= Your assignment =
Excluding any images, copy all of the lines below precisely as written.

(Dataset entries)
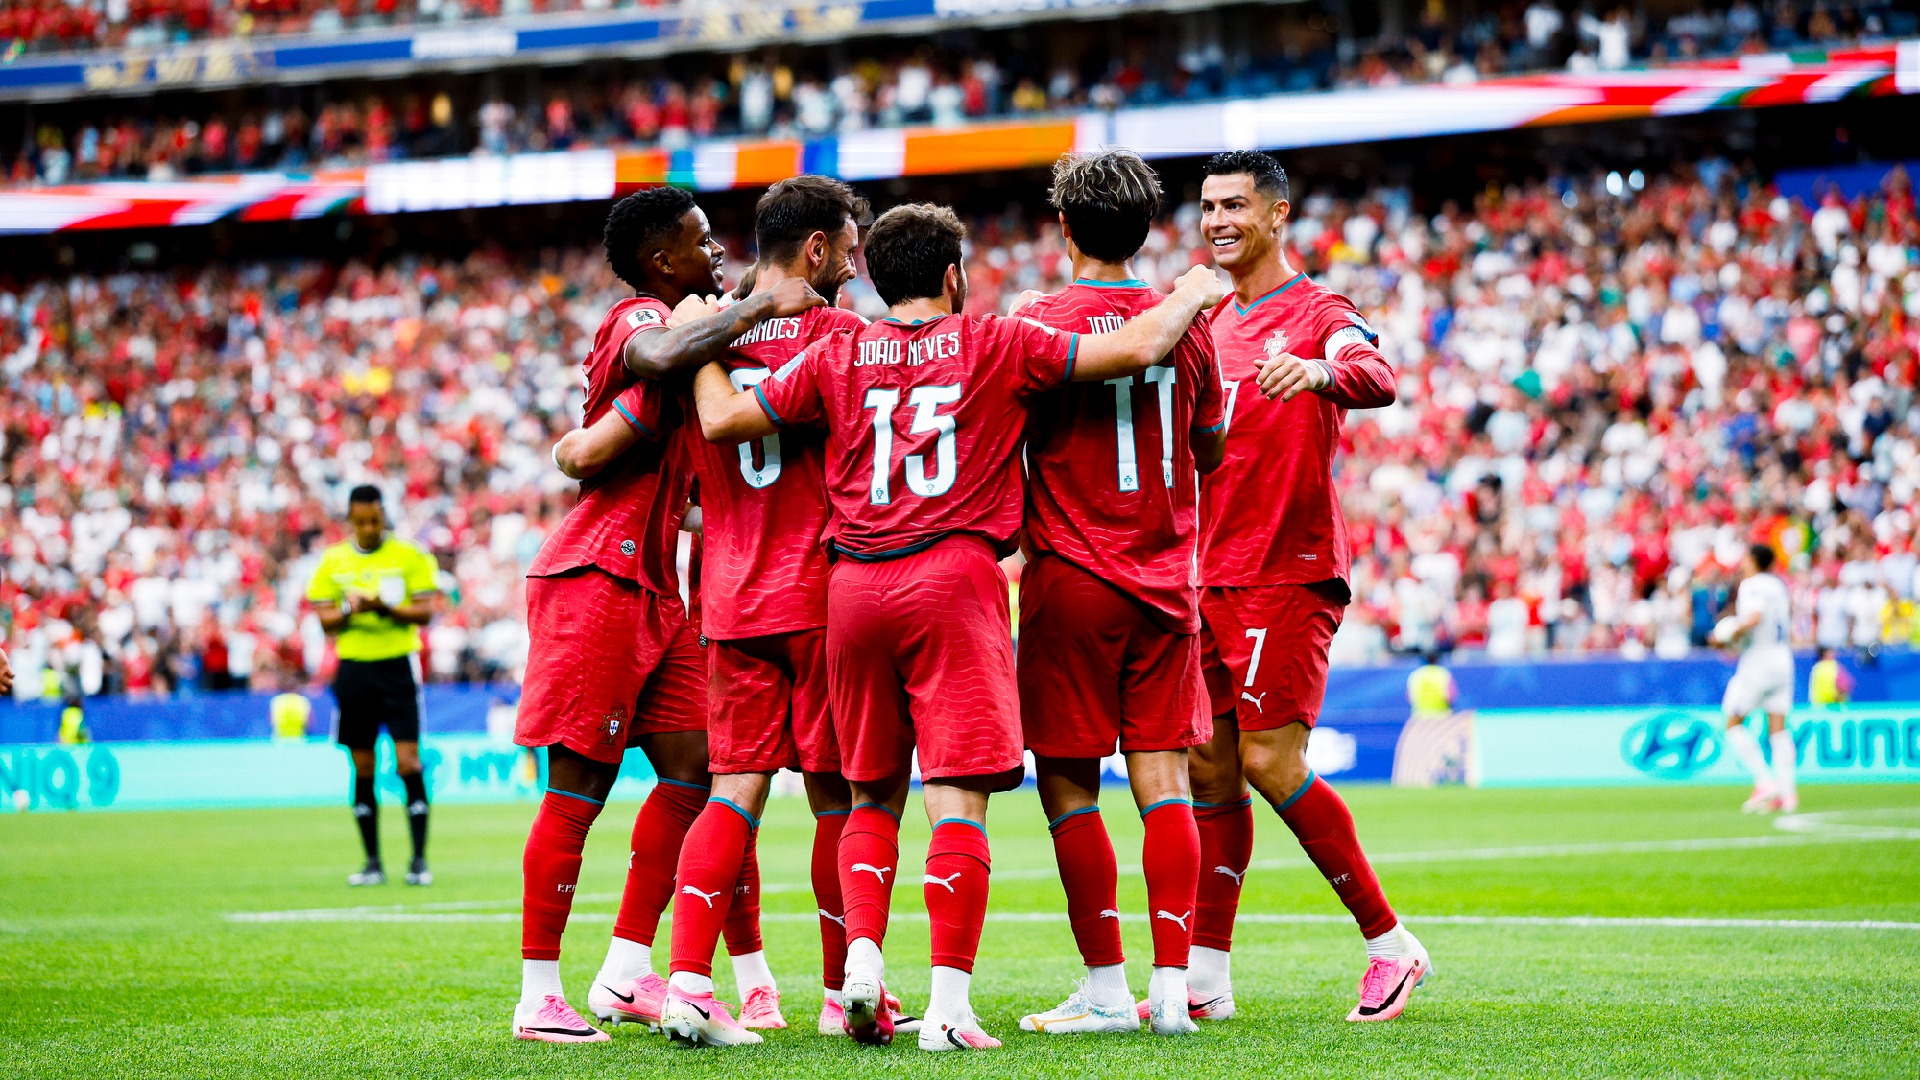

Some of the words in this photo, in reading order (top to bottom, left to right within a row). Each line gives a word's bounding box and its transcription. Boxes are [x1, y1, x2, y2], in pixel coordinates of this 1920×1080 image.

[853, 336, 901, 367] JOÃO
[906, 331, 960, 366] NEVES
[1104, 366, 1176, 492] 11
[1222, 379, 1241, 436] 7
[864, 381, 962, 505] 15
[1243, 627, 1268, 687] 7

= Problem solution =
Some of the words in this photo, in reading order (top to bottom, left to right within a row). Each line gives a word's bounding box and its transcription. Boxes are [x1, y1, x2, y2], in pixel coordinates of this 1920×1080 image.

[853, 336, 901, 367] JOÃO
[906, 331, 960, 366] NEVES
[1104, 366, 1176, 492] 11
[1222, 379, 1241, 436] 7
[864, 381, 962, 505] 15
[1243, 627, 1268, 687] 7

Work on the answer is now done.